INFORMATION SHOWN:

******

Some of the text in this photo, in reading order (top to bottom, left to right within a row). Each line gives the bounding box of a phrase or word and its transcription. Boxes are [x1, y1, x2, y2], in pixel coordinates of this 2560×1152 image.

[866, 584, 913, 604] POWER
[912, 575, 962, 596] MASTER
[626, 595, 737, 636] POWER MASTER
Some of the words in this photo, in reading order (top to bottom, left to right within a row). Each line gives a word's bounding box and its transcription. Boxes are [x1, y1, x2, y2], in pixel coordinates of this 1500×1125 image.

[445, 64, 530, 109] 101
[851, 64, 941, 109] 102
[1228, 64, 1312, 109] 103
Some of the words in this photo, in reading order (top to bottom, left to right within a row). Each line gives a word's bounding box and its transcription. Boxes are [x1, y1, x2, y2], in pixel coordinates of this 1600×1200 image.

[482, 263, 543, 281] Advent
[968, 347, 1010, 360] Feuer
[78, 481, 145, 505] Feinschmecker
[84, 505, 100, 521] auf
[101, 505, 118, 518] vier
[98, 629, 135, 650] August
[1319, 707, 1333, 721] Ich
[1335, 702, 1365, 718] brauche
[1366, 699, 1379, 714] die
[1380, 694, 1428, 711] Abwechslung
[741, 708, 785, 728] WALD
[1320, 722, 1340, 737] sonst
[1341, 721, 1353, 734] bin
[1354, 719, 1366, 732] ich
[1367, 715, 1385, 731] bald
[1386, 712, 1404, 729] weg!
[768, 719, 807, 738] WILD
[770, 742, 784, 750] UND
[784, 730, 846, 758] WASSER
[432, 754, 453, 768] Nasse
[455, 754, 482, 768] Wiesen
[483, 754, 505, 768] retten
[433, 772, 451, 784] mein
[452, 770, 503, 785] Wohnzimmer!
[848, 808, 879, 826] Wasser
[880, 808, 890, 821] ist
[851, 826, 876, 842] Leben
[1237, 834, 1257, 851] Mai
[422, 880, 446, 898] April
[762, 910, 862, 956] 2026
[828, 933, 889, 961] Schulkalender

******

TASK TO CARRY OUT:
I would like you to return every entry exactly, with nothing changed.

WRITTEN RESPONSE:
Some of the text in this photo, in reading order (top to bottom, left to right within a row). Each line gives the bounding box of a phrase or word and its transcription. Boxes are [x1, y1, x2, y2], in pixel coordinates of this 2560×1152 image.

[866, 584, 913, 604] POWER
[912, 575, 962, 596] MASTER
[626, 595, 737, 636] POWER MASTER
Some of the words in this photo, in reading order (top to bottom, left to right within a row). Each line gives a word's bounding box and its transcription. Boxes are [x1, y1, x2, y2], in pixel coordinates of this 1500×1125 image.

[445, 64, 530, 109] 101
[851, 64, 941, 109] 102
[1228, 64, 1312, 109] 103
Some of the words in this photo, in reading order (top to bottom, left to right within a row). Each line gives a word's bounding box and its transcription. Boxes are [x1, y1, x2, y2], in pixel coordinates of this 1600×1200 image.

[482, 263, 543, 281] Advent
[968, 347, 1010, 360] Feuer
[78, 481, 145, 505] Feinschmecker
[84, 505, 100, 521] auf
[101, 505, 118, 518] vier
[98, 629, 135, 650] August
[1319, 707, 1333, 721] Ich
[1335, 702, 1365, 718] brauche
[1366, 699, 1379, 714] die
[1380, 694, 1428, 711] Abwechslung
[741, 708, 785, 728] WALD
[1320, 722, 1340, 737] sonst
[1341, 721, 1353, 734] bin
[1354, 719, 1366, 732] ich
[1367, 715, 1385, 731] bald
[1386, 712, 1404, 729] weg!
[768, 719, 807, 738] WILD
[770, 742, 784, 750] UND
[784, 730, 846, 758] WASSER
[432, 754, 453, 768] Nasse
[455, 754, 482, 768] Wiesen
[483, 754, 505, 768] retten
[433, 772, 451, 784] mein
[452, 770, 503, 785] Wohnzimmer!
[848, 808, 879, 826] Wasser
[880, 808, 890, 821] ist
[851, 826, 876, 842] Leben
[1237, 834, 1257, 851] Mai
[422, 880, 446, 898] April
[762, 910, 862, 956] 2026
[828, 933, 889, 961] Schulkalender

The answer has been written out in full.